Written and directed by Alex Garland

Starring Jessie Buckley and Rory Kinnear

Classification R; 100 minutes

Opens May 20 in theatres

Writer-director Alex Garland gives away part of his game early on in his new film, simply titled Men (as in “ugh, men,” but also “meh-n,” and maybe even “It’s Raining Men”; stick with me).

Vacationing in the English countryside after the violent death of her husband, Harper (Jessie Buckley) is suddenly placed in a terrifying situation. There is a man outside – stark naked, covered in cuts – who is standing in her rental property’s backyard. Harper immediately dials emergency services. “Please explain what is going on,” the voice on the other end of the line asks Harper. It is a plea that will come to serve the audience of Men well for the remaining hour and a half. Please, Alex Garland, explain what is going on.

It is not that every film is required or obligated to provide answers for the questions it raises. God-slash-Thanos knows, ambiguity can be an underutilized concept nowadays. And Garland himself has done head-scratching wonders with abstract artistry before (see Annihilation). But with Men, the British filmmaker is stubbornly needling his audience with a never-ending barrage of pointy-ended questions that he has neither the inclination nor intention of vaguely addressing or even thinking through on his own terms. Men is a riddle wrapped in a mystery inside an enigma, all scrawled in crayon.

It all starts, and arguably ends, with Men’s casting conceit: Every character that Harper encounters on her vacation is played by the same actor, the excellent British hey-it’s-that-guy Rory Kinnear (North Americans might know him best as 007 minder Tanner in the Daniel Craig Bond films). Here, Kinnear is Roger, the odd but friendly type who owns the manor that Harper is renting. But he is also the local vicar, who chastises Harper for playing a role in her husband’s death. He is the gruff police officer who ends up arresting the nude intruder. He is also, naturally, that naked stranger – a character whose gory transformation over the course of the film aims for horrifying but lands on baffling.

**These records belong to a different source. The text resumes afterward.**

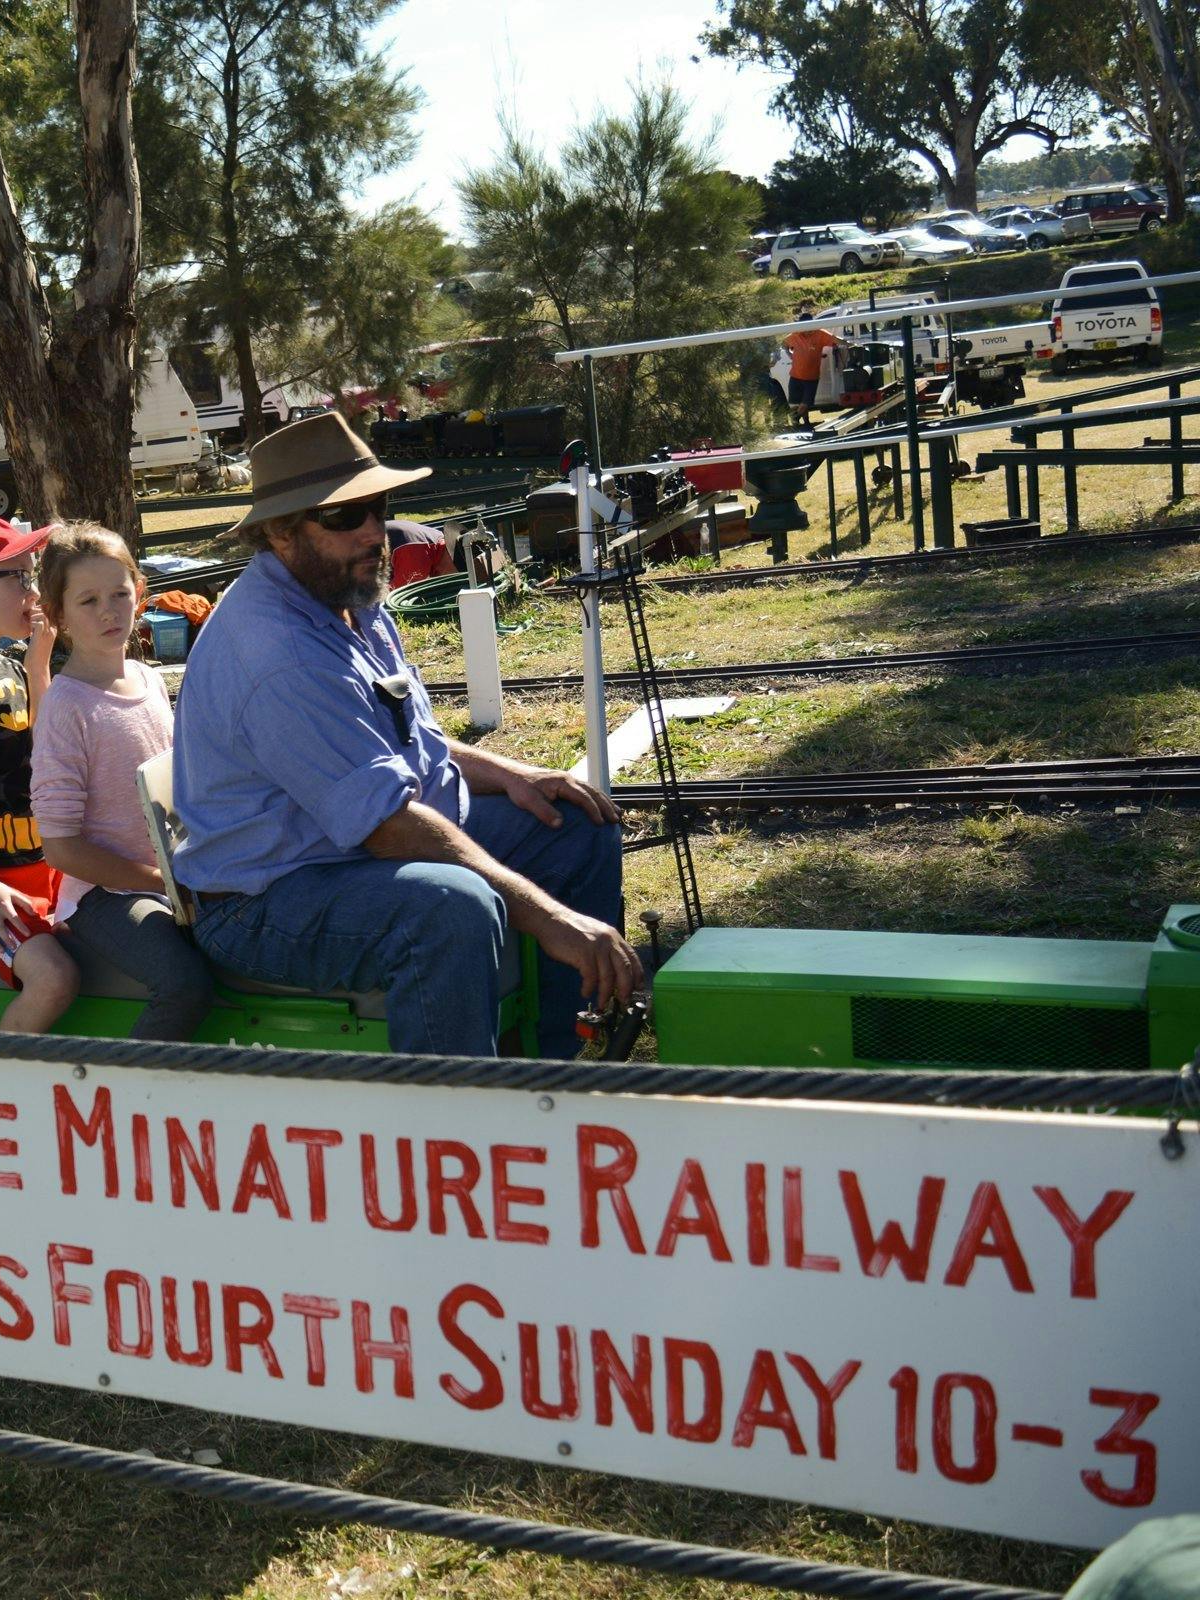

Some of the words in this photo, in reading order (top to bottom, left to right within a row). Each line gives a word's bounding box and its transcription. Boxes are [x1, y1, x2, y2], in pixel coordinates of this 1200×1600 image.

[981, 337, 1007, 345] TOYOTA
[1075, 317, 1137, 332] TOYOTA
[53, 1084, 550, 1246] MINATURE
[576, 1124, 1134, 1300] RAILWAY
[47, 1243, 415, 1400] FOURTH
[437, 1284, 862, 1461] SUNDAY
[889, 1365, 1160, 1508] 10-3
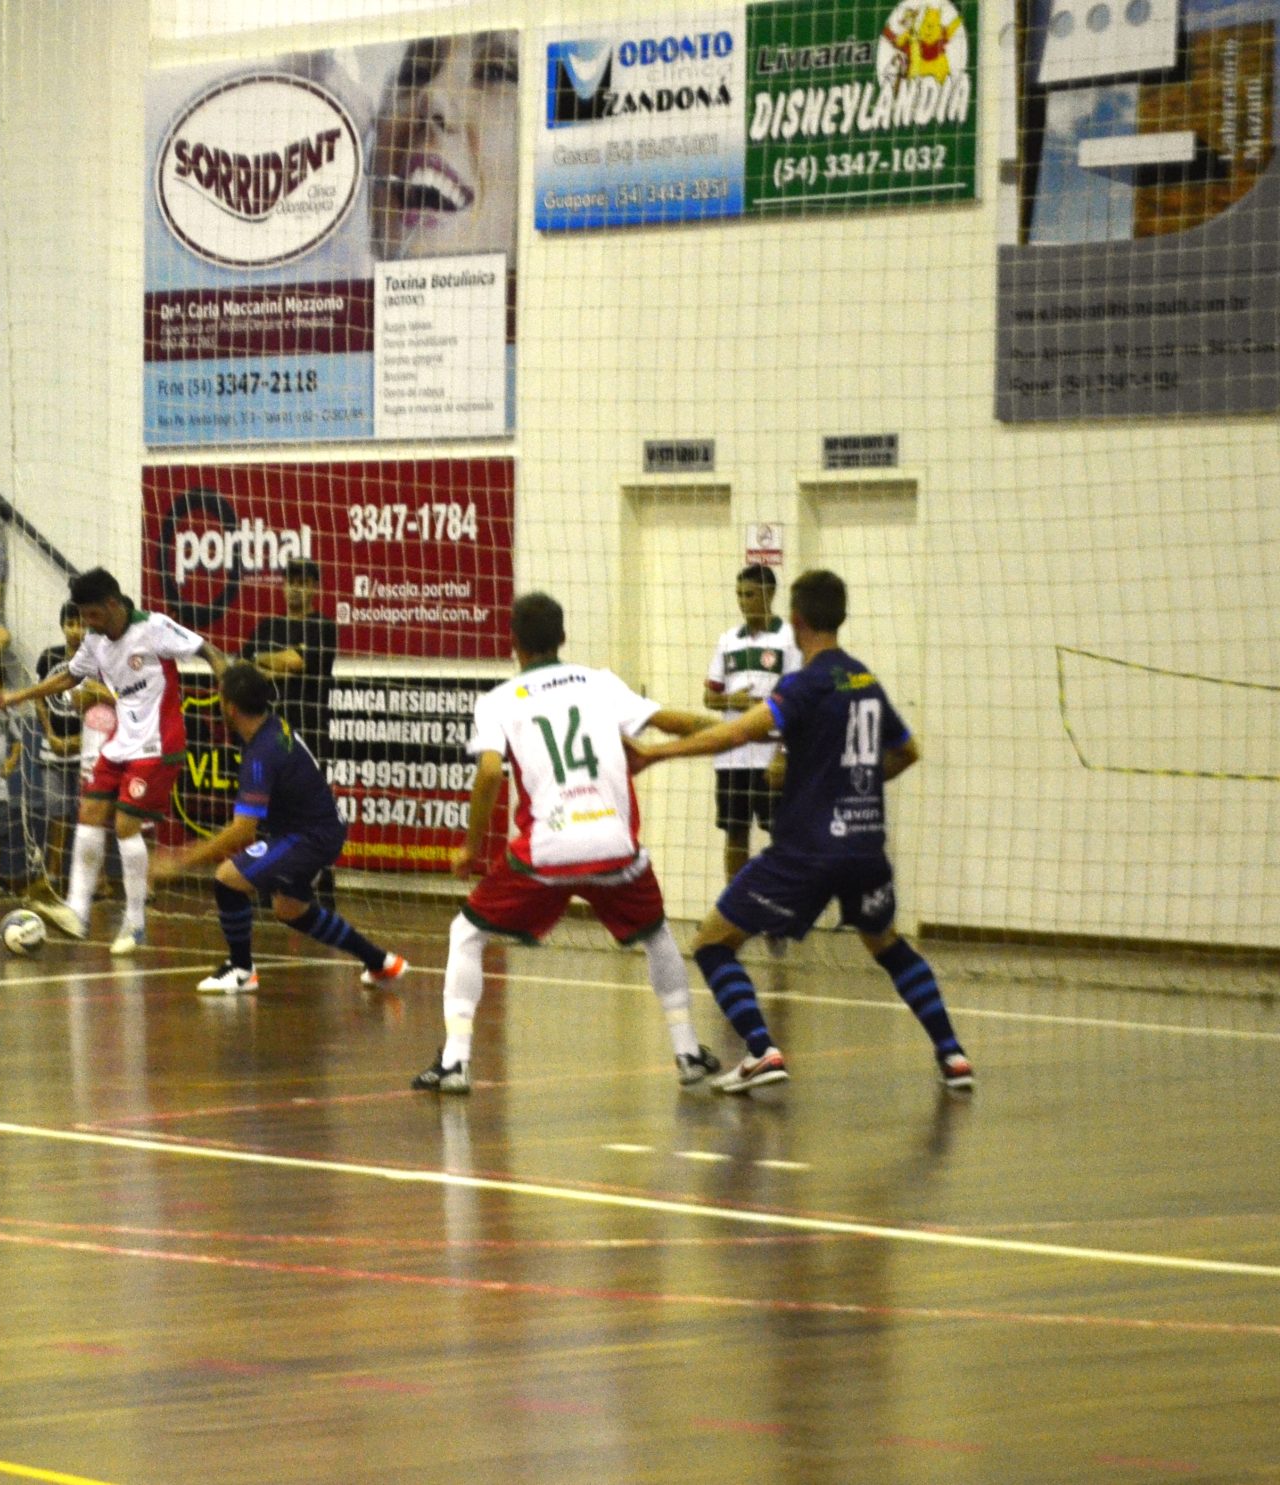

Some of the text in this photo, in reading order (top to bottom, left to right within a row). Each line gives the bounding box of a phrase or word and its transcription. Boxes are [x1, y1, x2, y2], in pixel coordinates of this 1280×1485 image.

[619, 31, 733, 66] ODONTO
[756, 36, 872, 74] Livraria
[603, 76, 732, 116] ZANDONÁ
[749, 70, 970, 142] DISNEYLANDIA
[174, 128, 342, 216] SORRIDENT
[774, 145, 946, 188] (54) 3347-1032
[385, 273, 427, 292] Toxina
[188, 302, 219, 318] Carla
[223, 297, 282, 316] Maccarini
[285, 296, 345, 312] Mezzomo
[158, 368, 318, 397] Fone (54) 3347-2118
[349, 502, 477, 542] 3347-1784
[175, 517, 312, 585] porthal
[532, 705, 599, 784] 14
[840, 698, 881, 767] 10

Harper never takes note of the many Kinnears in her midst – even when he is playing, with the aid of some perhaps intentionally wobbly CGI, a teenage boy – which might be Garland’s riff on Fregoli delusion (a condition in which a person believes different people are in fact a single person who changes appearance or is disguised). Or it is a subversion of the #MeToo retort #NotAllMen. But this is only one of several supernatural elements in Harper’s midst, as the film continues to pile on ancient Wicker Man-y carvings, ghost-in-the-machine jump-scares and a body-horror climax of Cronenbergian proportions.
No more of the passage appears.